I do not like the fights. I never have. That night my prejudices
were confirmed as I watched two men, their chests glimmering with
sweat and effort, smashing the hell out of each other as all around,
fatter, greasier men cheered and yelled.
One
of the fat greasy men – the man who brought me here –
turned his head and said to me, ‘That’s what you call
manhood, right?’
‘Did
you used to fight?’
‘Me?
I tried. I gotta glass jaw.’
I
nodded and tried to pretend like I was enjoying the fight. The smaller
set man, the one doing all the real damage, was called Bobby Freeman
and – not that I’m really a judge – he was good.
I remember reading somewhere how you need to be light on your feet
in boxing. Half the secret is in avoiding the other guy’s
punches, apparently, before you land in a humdinger of your own.
Like I say, though, I’m no expert.
Sidney
Bonhard turned back to me and said, ‘You got good build. You
ever consider going in the ring?’
‘No,’
I said. I kept my eye on the fight, watching the technique, watching
the rhythms; distancing myself from the violence as much as I could.
A
guy in the row behind yelled right into my ear, ‘Rip his heart
out, champ!’
Sid
bent his head close to mine again and said, ‘You got reasonable
rates.’
‘You
got a reasonable job?’
‘Yeah.
That’s why I axed you here.’
‘Yeah?’
I feigned a disinterest. In all honesty, I was willing to take anything
that came my way. That’s how business was getting. I suppose
it was that time. Hollywood had been releasing a lot of movies about
crooked PIs and those in the business had clearly been suffering
as a result. I wasn’t crooked. Well, not entirely. In our
line of business you can’t always operate strictly within
the law, I suppose. No, the kind of people who want the law on their
side tend to straight to the eighth precinct and ask for Sergeant
Sipkowickz.
‘Freeman’s
a good kid. He’s from the ghetto, but you can’t help
your background, huh?’
‘No,’
I said.
‘Most
of these people who drift into boxing, you see, they’re good
kids from bad neighbourhoods. Fightin’s a way of life there
or somethin’.’ I got the impression that when he said
bad neighbourhood, the words “bad” and “black”
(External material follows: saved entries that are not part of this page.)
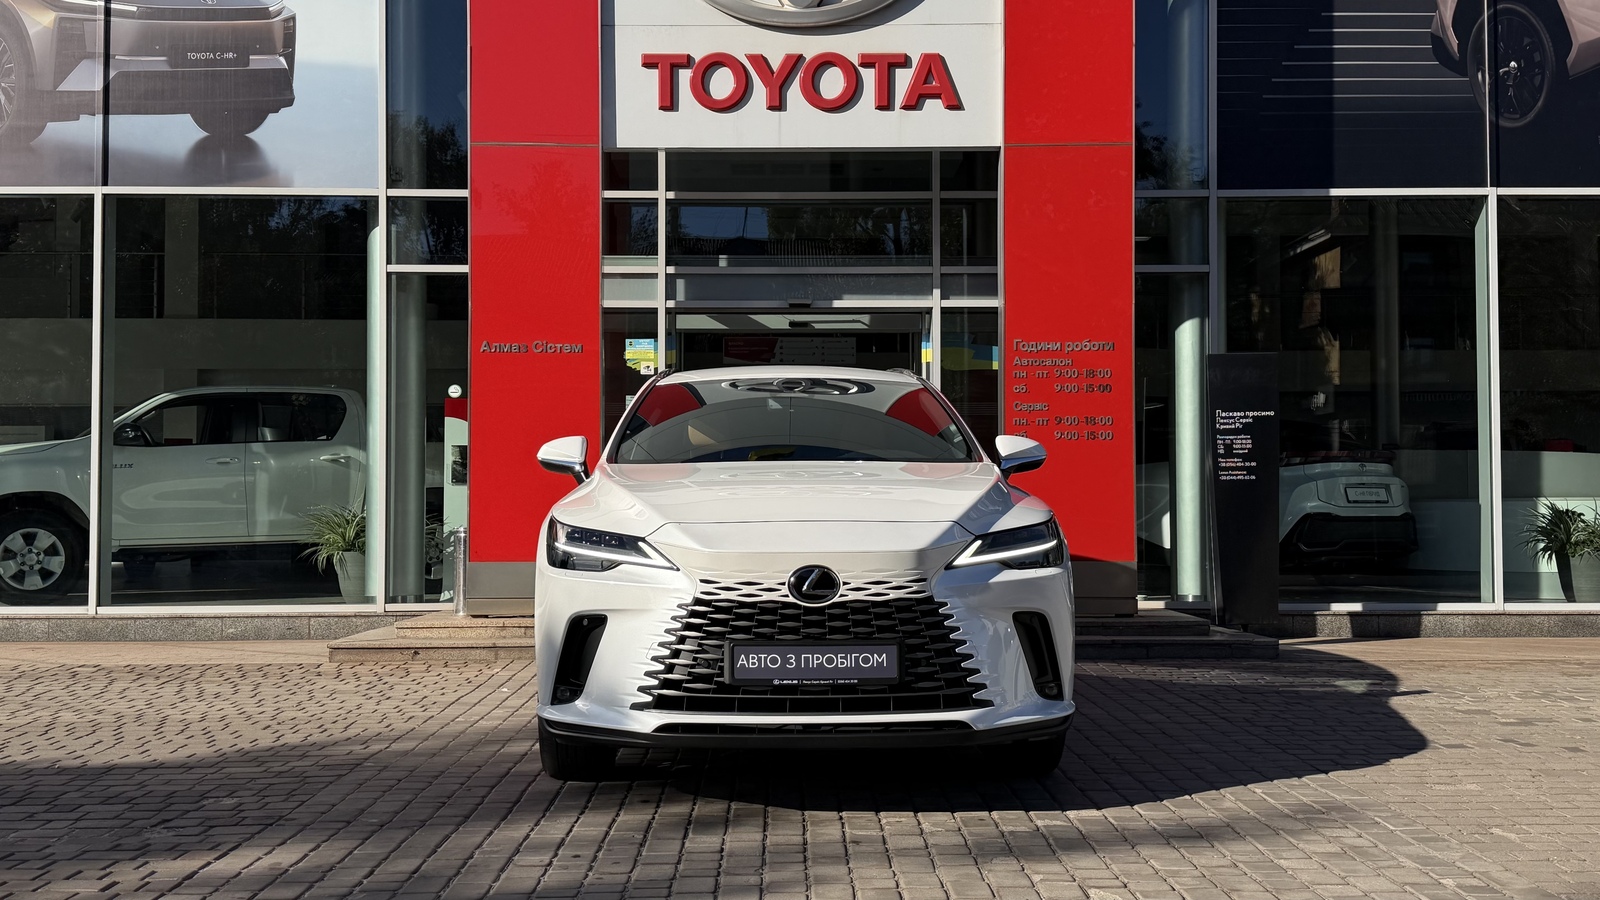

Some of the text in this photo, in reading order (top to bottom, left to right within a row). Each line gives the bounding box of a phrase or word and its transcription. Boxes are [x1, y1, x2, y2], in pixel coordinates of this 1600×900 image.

[187, 52, 214, 60] TOYOTA
[641, 51, 963, 112] TOYOTA
[480, 340, 584, 353] Алмаз Сістем
[1013, 339, 1115, 353] Години роботи
[1013, 356, 1073, 366] Автосалон
[1013, 401, 1050, 413] Сервіс
[736, 653, 887, 668] АВТО З ПРОБІГОМ
were pretty interchangeable. ‘Freeman’s a good kid and
he’s a good boxer. Hell, he’s the best.’ Looking
at the ring I could see what Sid was saying. I gave Freeman another
four maybe five hits before he knocked the bigger guy down to the
dust. ‘He’s indestructible, know what I’m saying?’
That
was what the local rags had been saying as well. Freeman was becoming
something of a local celebrity, a black Rocky fighting his way to
the top. He was clean cut – as much as you can be when you’re
a boxer by profession – and that broken nose gave him a kind
of rugged appearance that I’m sure the ladies went mad for.
Sid
felt my upper arms, gripping them tight. ‘Hey, you got good
muscular structure. You sure you’ve never thought about the
fights?’
‘Sure.’
‘Yeah,’
he said, with a laugh. ‘Leave it to the professionals.’
‘What
do you want me to do?’
‘Freeman’s
split from his woman. The stupid bitch is going to the local press
with some kind of shit about how he used to beat her.’
‘Did
he?’
‘What
difference does that make?’
There
was a roar from the crowd. Freeman’s opponent was down, slamming
against the floor, his head bouncing off the ground and then back
down again. He lay still as a dead man; not that anyone really gave
a shit. They crowd were going wild. The Referee was leading Freeman
on a ring-lap, holding the man’s hand high in the air. Freeman
looked about ready to go down himself. During the fight he’d
been steady, assured and indestructible. The fight over, he was
small, tired and close to collapse. It was an amazing transformation.
The
guy in the row behind leant forward and shouted in my ear, ‘Helluva
fight, huh?’
I
shouted back, ‘Yeah!’ and left it at that.
Sid
said, ‘You doin’ this?’
I
said, ‘Did he hit her?’
***
It
was a relatively simple job. It didn’t have to get violent.
I know what you’re thinking, by the way; I’m a parasite.
A PI doesn’t go around acting as a heavy for a crooked boxing
promoter. He solves crimes and makes sure the murderer does the
time. I’d love, just once, to get involved in some shit like
that. As it happens, most of the time I’m being hired by guys
with dicks roughly proportionate to that of an inadequate baboon
to go and find out who’s balling their wife. Its not pleasant,
believe me. I spend a lot of my life in motel rooms with long lens
cameras and infra-red equipment. I see a lot of bad sex. I never
understood how anyone could get excited at the prospect of being
a voyeur.
The
thing was, as Sid told me, Freeman had never hit this woman. He
was, as Sid kept reiterating over and over, ‘A good kid,’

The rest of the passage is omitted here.